Se professate poi diversi generi d’Arti Liberali, non è già questa una cosa spregevole; ma è assai difficile che le possediate con perfezione. Il confessare che voi ignorate il tutto, sarebbe assai meglio, e più sicuro per voi, che questa profession solenne che fate dell’abilità vostra. Nel primo farebbe luminosa comparsa l’umiltà; ma nell’altro campeggia l’insolenza, e una vana presunzione. Più facilmente si perdona ai difetti de’Principianti, che agli errori di quelli che si amano per Maestri. E poi a qual fine vantarsi d’un vano titolo di sapienza, quando non ha bisogno d’un carattere straniero per farsi riconoscere, mentre di sua natura è assai considerabile? Si deve forse porre una fiaccola dinanzi al Sole, perchè si miri quel bell’astro, che ci fa vedere ogni cosa? Vi furono molte persone, il di cui nome restò sepolto tra le tenebre, quantunque per i loro titoli fossero risplendentissimi; ed altre pure vi sono state, che non avendo lustro alcuno esteriore, riscossero una gran stima. Alle buone mercatanzie non si mette alcun segno, ma solo alle cattive, per dar loro coll’arte un pregio, che non potrebbero avere per altra strada. Chi è nobile per sua natura, non ha bisogno di prendere imprestito altrove la sua nobiltà.
Oltre il vanto di essere Filosofo, voi vi pregiate di esser Poeta, è di portare la corona laureata, e la toga. Crescono in proporzion e la vostra felicità, e la fatica vostra. Era vostro scopo di cercare sol-[103]tanto la verità; ora conviene che dopo averla ricercata, diate ornamenti a chi non può riceverne senza degenerare dalla sua purità naturale. Dovete ancor trasformarla per renderla più aggradevole all’orecchie del Popolo, e fingere con grand’arte per ingannarlo con piacere. In questo s’impiegano i veri Poeti, e non in vani ornamenti; come fanno coloro che lasciano il corpo della Poesia per non seguire che l’ombra, e che cercano oggetti magnifici, in vece di renderli tali colle loro invenzioni. Quindi ne nasce che un vero Poeta è tanto raro, quanto è comune nella maniera ordinaria. Vi sono molti, che compongono versi; ma i Genj di Parnasso sono in picciol numero. L’arte di questi appellasi Divina, per mostrare ch’è assai difficile agli uomini di arrivarvi. Si scorgono molti arditi, ma pochissimi che colpiscano nel segno. Quest’impiego nulladimeno, per quanto bello egli sia, non lascia di essere svantaggioso; e questa corona laureata apporta molti travagli. Volete voi ch’io vi dica in una parola di che avete a gloriarvi? Di aver trovato un cammino sicuro per andar all’Ospitale, e per essere giudicato un furioso, e uno stravagante.

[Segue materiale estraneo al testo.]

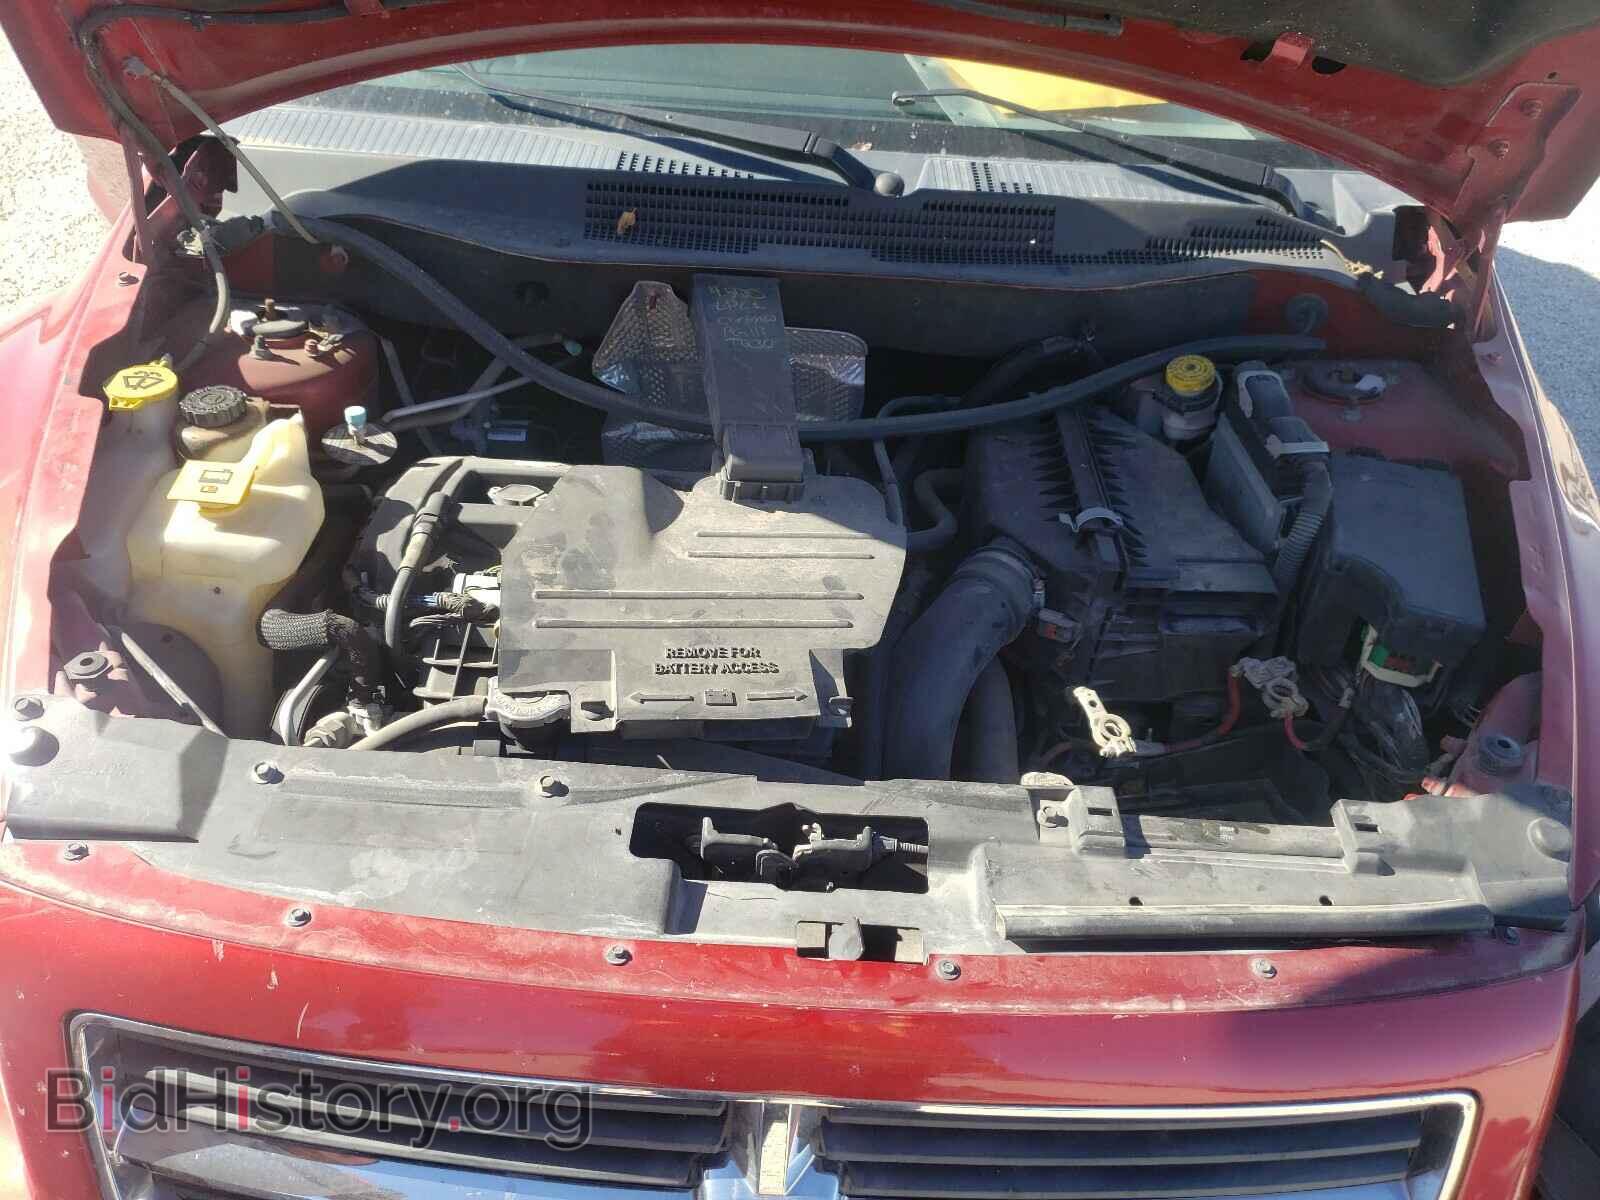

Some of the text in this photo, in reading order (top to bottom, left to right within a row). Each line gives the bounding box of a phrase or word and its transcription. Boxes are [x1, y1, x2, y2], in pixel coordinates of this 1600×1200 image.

[665, 647, 762, 659] REMOVE FOR
[655, 662, 780, 675] BATTERY ACCESS
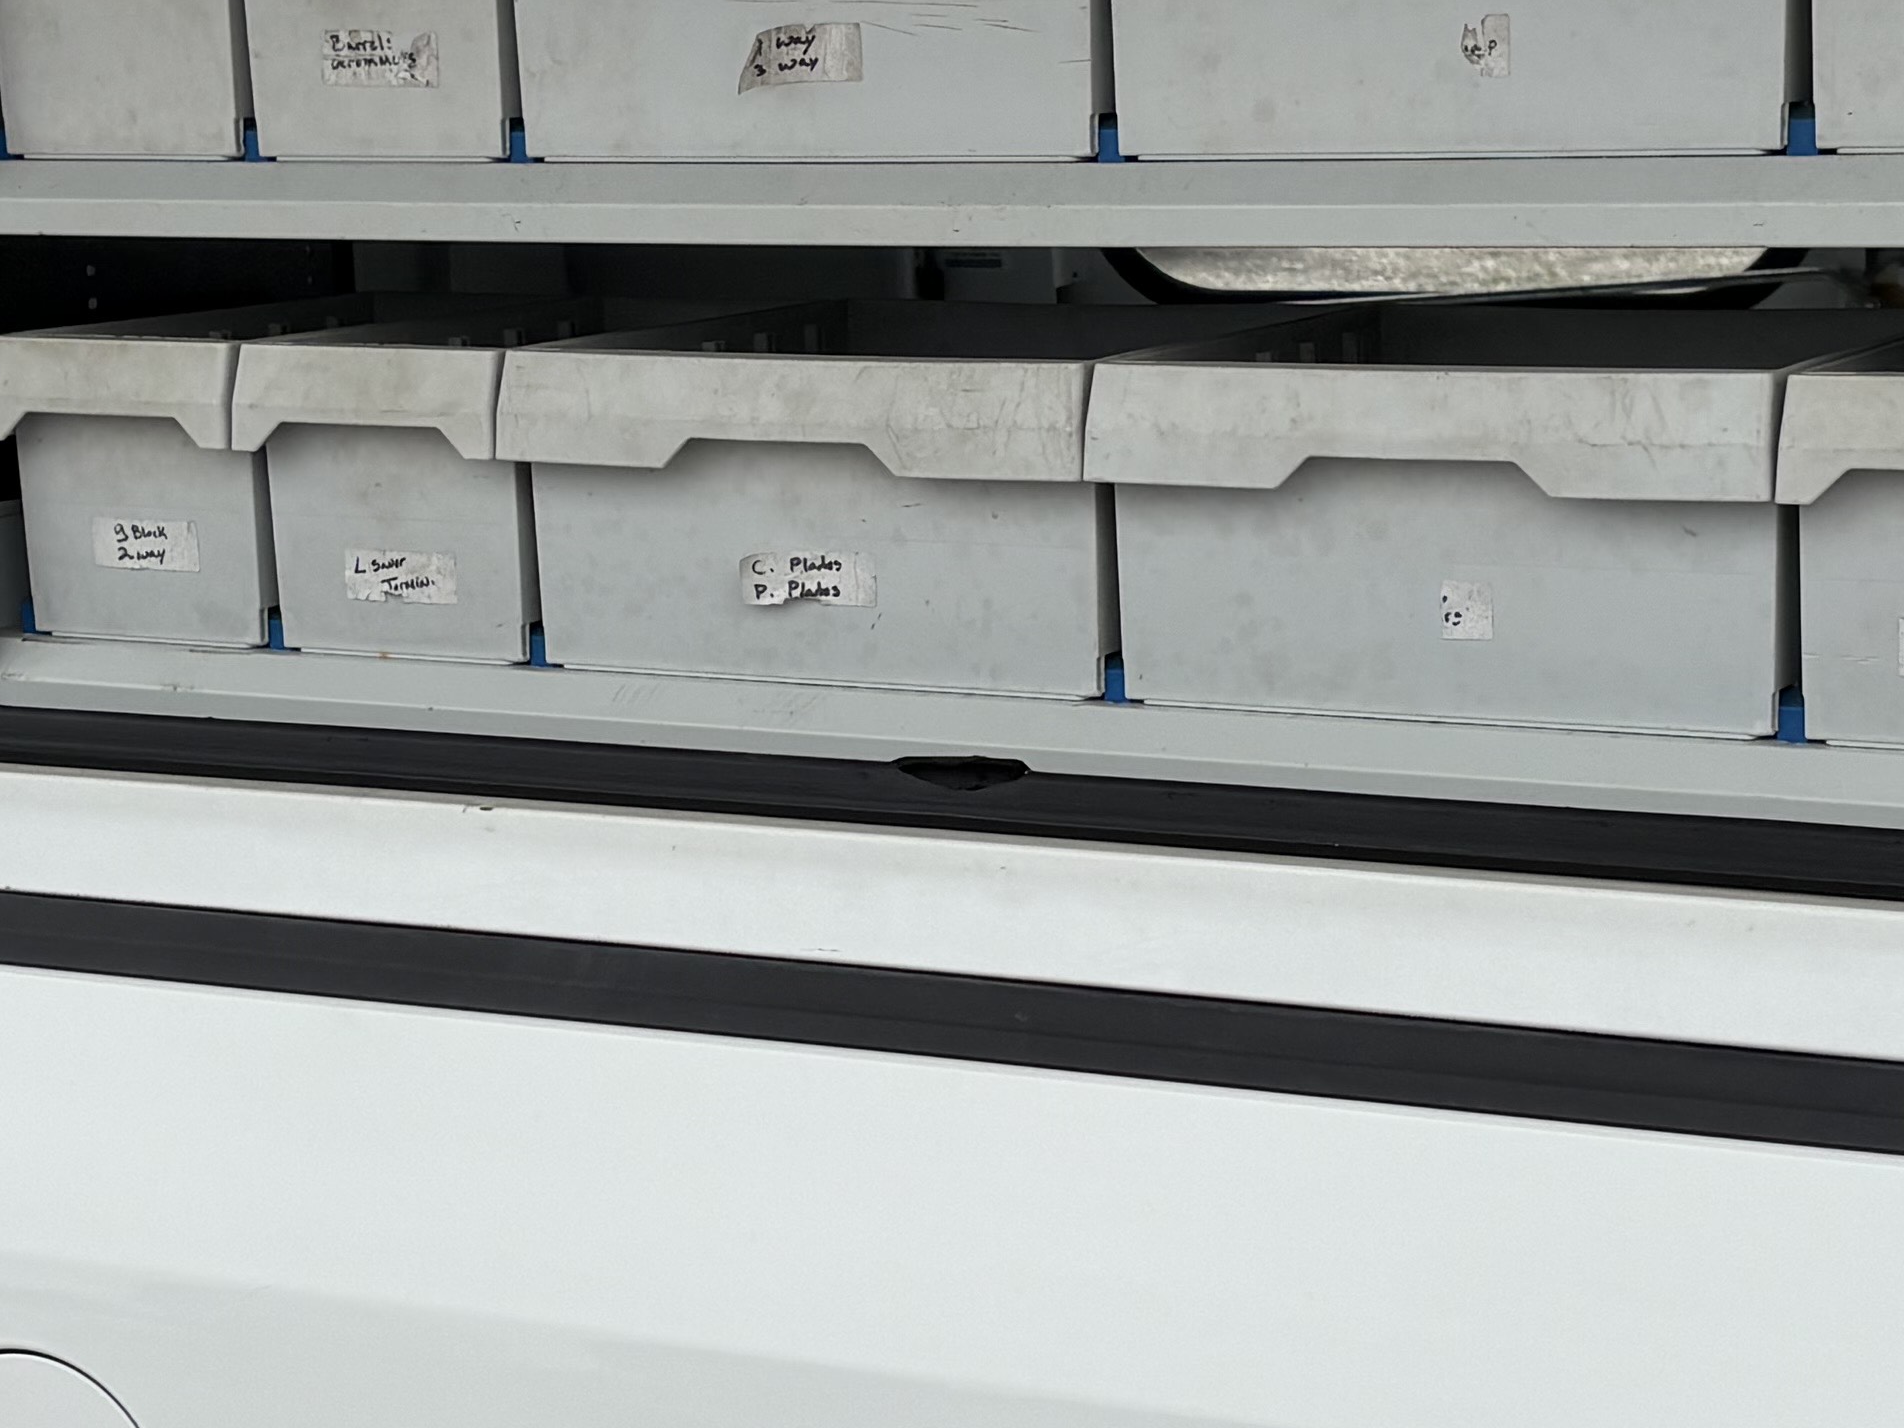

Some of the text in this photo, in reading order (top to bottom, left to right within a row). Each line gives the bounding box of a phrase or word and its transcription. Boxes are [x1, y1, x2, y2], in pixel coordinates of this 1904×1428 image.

[776, 34, 816, 56] way
[778, 56, 819, 72] way
[131, 524, 168, 541] Block
[117, 546, 166, 566] 2 way

Voi non siete solamente Poeta, ma ancora Oratore. Assai mi alletta il vedere che l’Eloquenza, la quale pareva che avesse perduto il suo concetto per lo spazio di tanti Secoli, divenga florida a’tempi nostri. Erasi abbandonata a motivo della difficoltà che trovavasi in riuscirvi: il che facea dire che i buoni Oratori sono ancora più rari de’buoni Poeti. In fatti essendo uffizio dell’Oratore il parlare ornatamente e con affluenza in ogni argomento, ove troveremo noi una Scienza così universale tra l’ignoranza di ogni cosa particolare? E ancorchè si restringesse questa estensione così generale del dovere di un Oratore; è certo con tutto ciò, che se non deve parlar d’ogni cosa, deve parlar di moltissime con tanto artifizio e sapore, che la profession sua sembra piuttosto un’idea, che un’arte, la quale si posse ridurre alla pratica. Or se considerete assai bene tutte queste difficoltà, prenderete maraviglia di essere stato tanto audace di chiamarvi Oratore; e in luogo di lusingare la vanità vostra, vi stimerete un temerario. E molto più vi vergognerete di chiamarvi ancora Professore di tutte l’Arti Liberali. Per certo questo esercizio è spesso un argomento di pazzia, più tosto che di capacità. Come? La vita è troppo corta per ciascun’Arte in particolare, e voi credete di avere tempo sufficiente per acquistarle tutte? Pensate di poter far voi solo quel che tutti gli uomini insieme non potrebbero fare? Uno spirito per una sola professione è assai occupato; e per quanto pro-[104]penso sia ed assiduo, durerà sempre una gran fatica. Egli è assai limitato, ed infinite sono le cose, che saper si possono. E perciò, che dovrà mai dirsi di que’Professori, che non si contentano d’una sola Arte; anzi credono che tutte insieme non possano sufficientemente occuparli? Di là nasce che si rendono ridicoli; e in vece di profondare ne’misterj del sapere, null’altro fanno che rendersi superfiziali. La confidenza che hanno in se stessi sarebbe incredibile, se non fosse pubblica.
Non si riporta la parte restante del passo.